Extended Integrative Combined Orbit Determination Models Based on Prior Trajectory Information and Optimal Weighting Algorithm

For multi-LEO combined orbit determination (COD) satellite-network based on space-based tracking telemetry and command (STTC) satellites, kinematic orbit information can be obtained only using the method of precise point positioning (PPP) based on observation models, but the results are not very precise because of observation data precision and GDOP of constellation. If kinematic orbit information of low earth orbit (LEO) can be taken full advantage of participating in dynamic precise orbit determination (POD) and making them achieve best matching, integrative COD models based on kinematic and dynamic information can be constructed to realize dynamic smoothness of kinematic information.
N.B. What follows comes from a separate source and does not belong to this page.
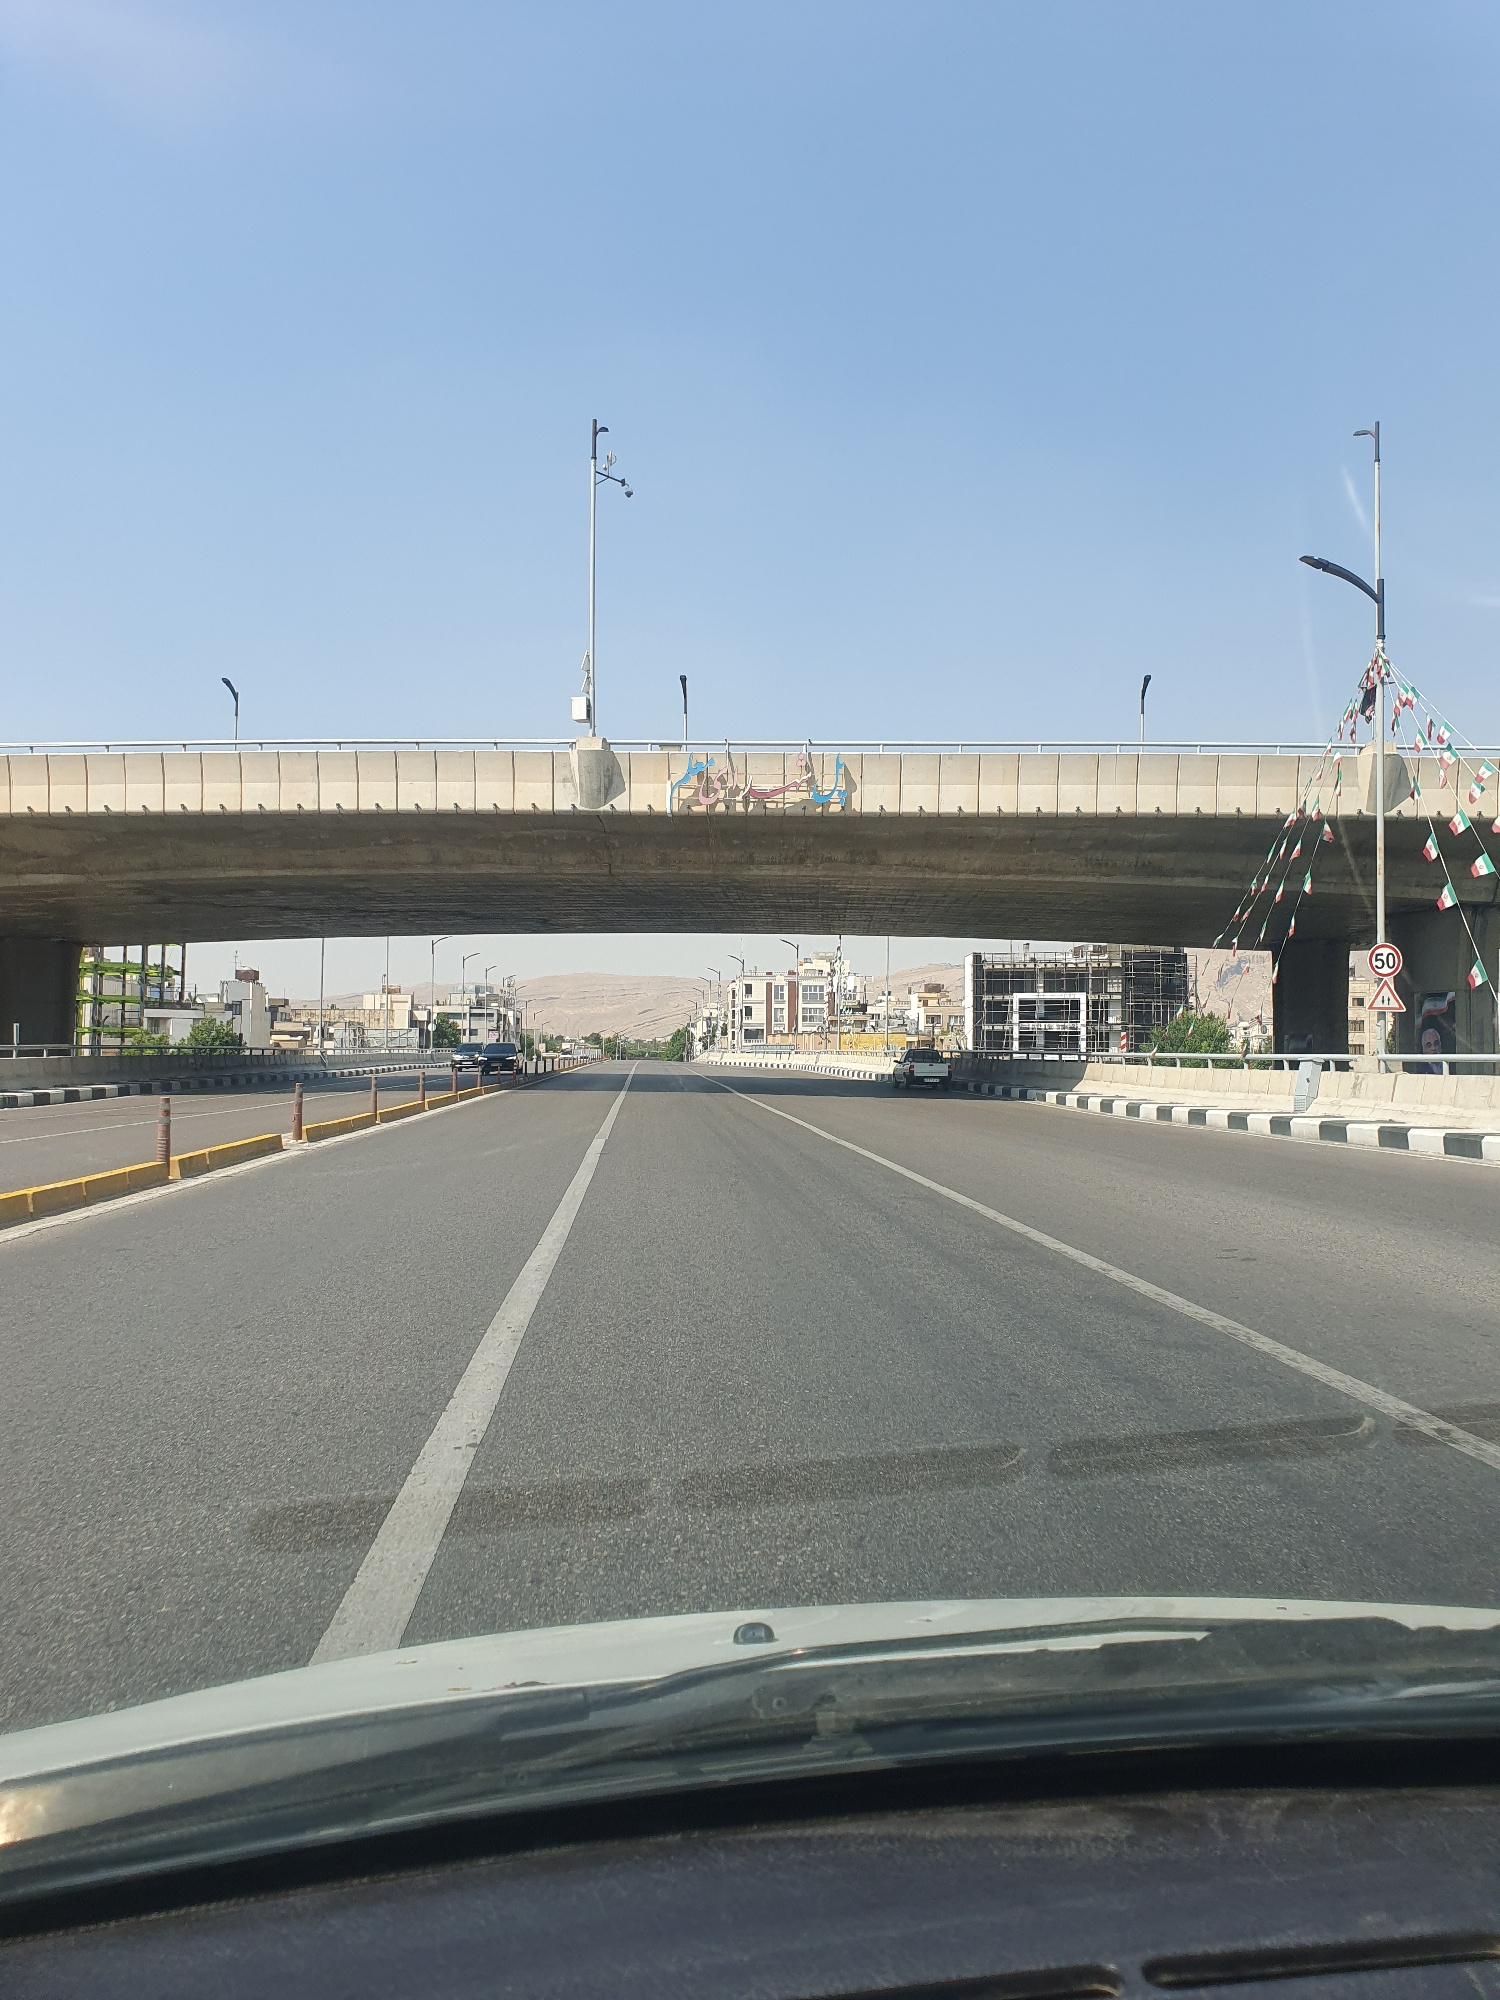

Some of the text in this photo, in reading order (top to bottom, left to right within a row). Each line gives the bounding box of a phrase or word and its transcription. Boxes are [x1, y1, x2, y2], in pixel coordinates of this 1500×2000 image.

[667, 752, 848, 816] پل شهدای معلم
[1375, 953, 1396, 969] 50
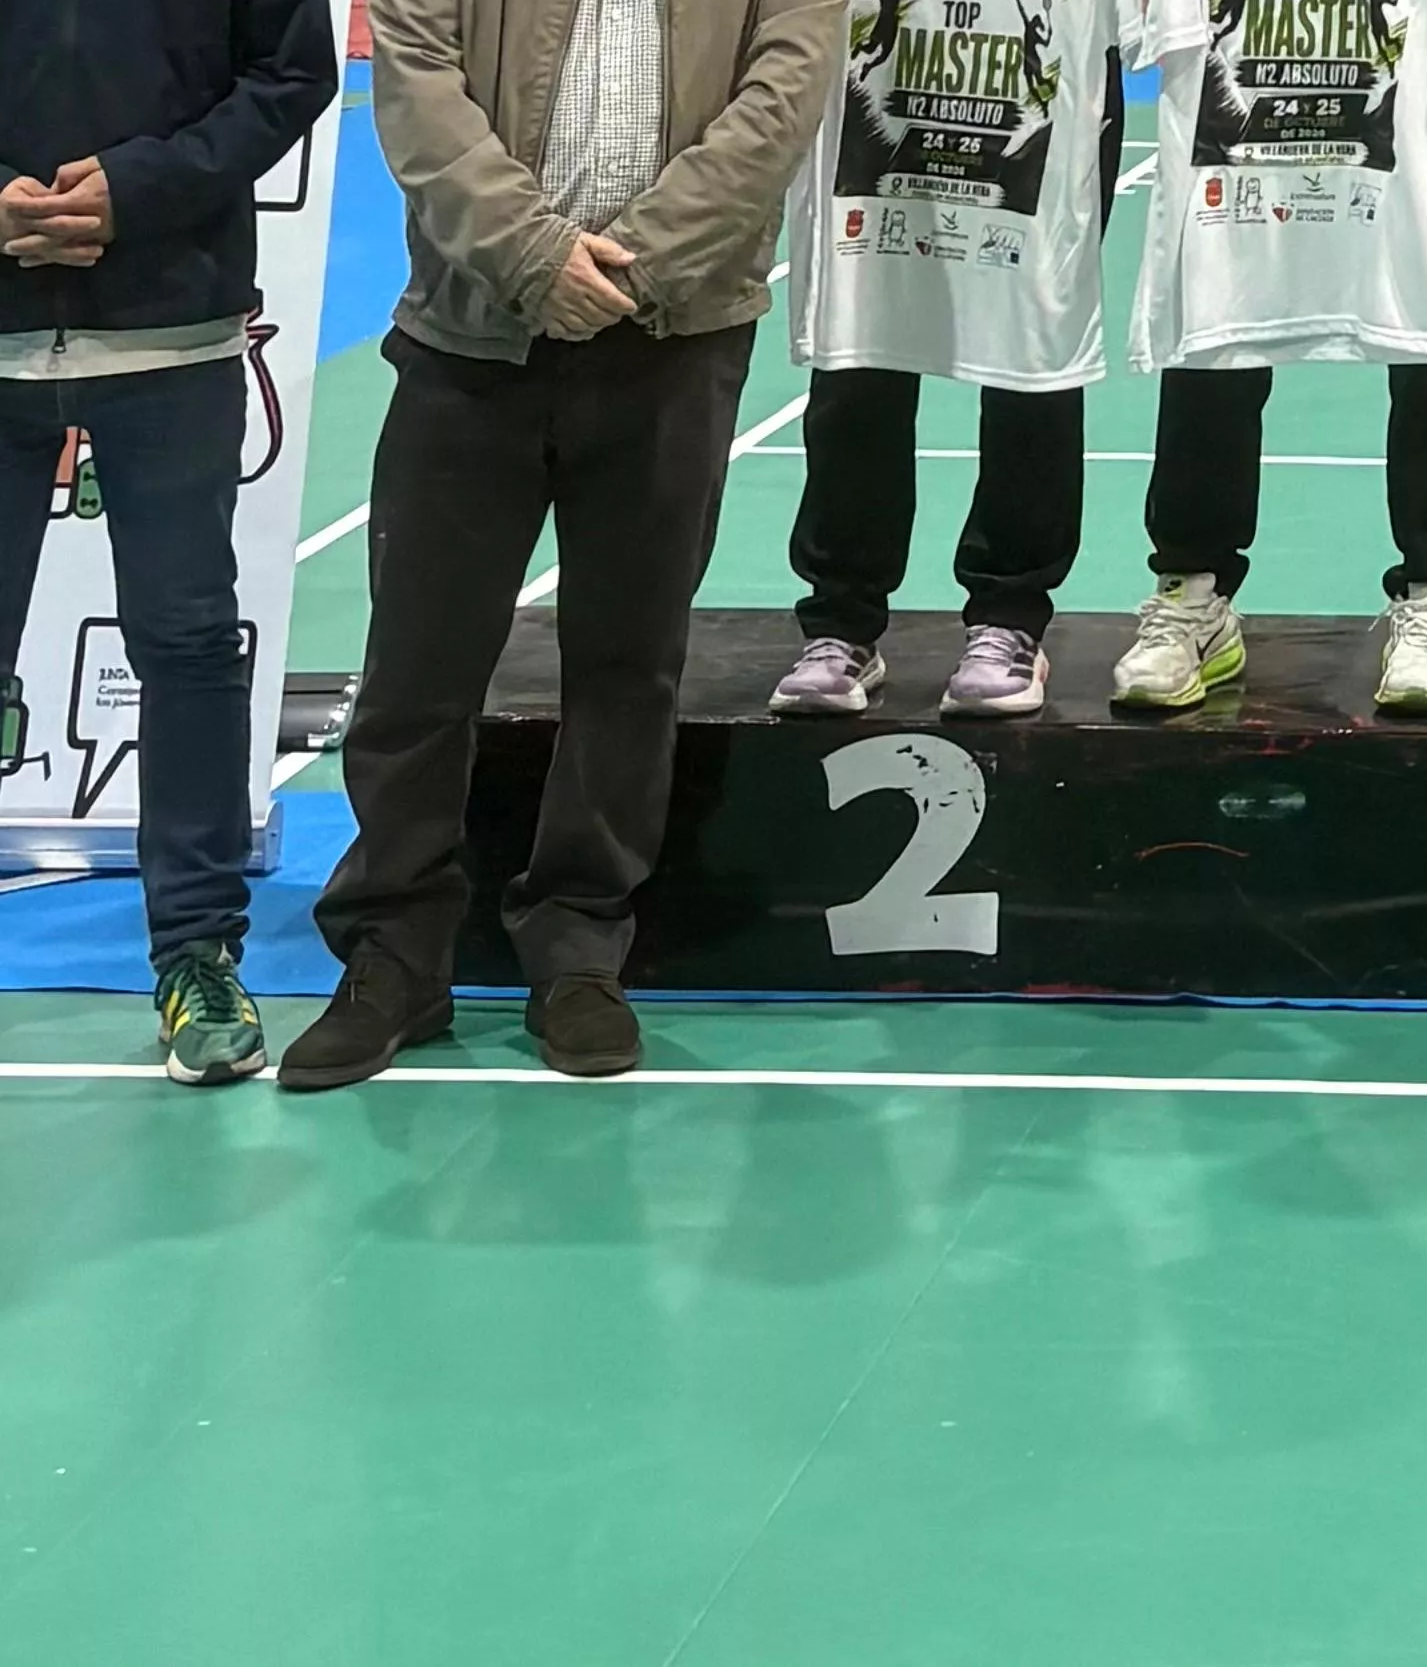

Firstly, single LEO difference positioning model and the corresponding algorithm was designed, and integrative COD models were constituted based on kinematic and dynamic trajectory information. Then extended integrative COD models based on prior trajectory information considering nonlinear semi-parametric modeling of observation models errors and sparse parameters modeling of dynamic models were established, and the optimal weighting algorithm of multi-structural nonlinear COD models was designed. Theoretical analysis and simulation computation results show that COD weighting method based on prior trajectory information can realize LEOs dynamic information optimal matching with kinematic prior information, and can restrain nonlinear influence factor including measure models and ephemeris errors to the effects of POD precision by considering models errors modeling and dynamic models sparse parameters denotation.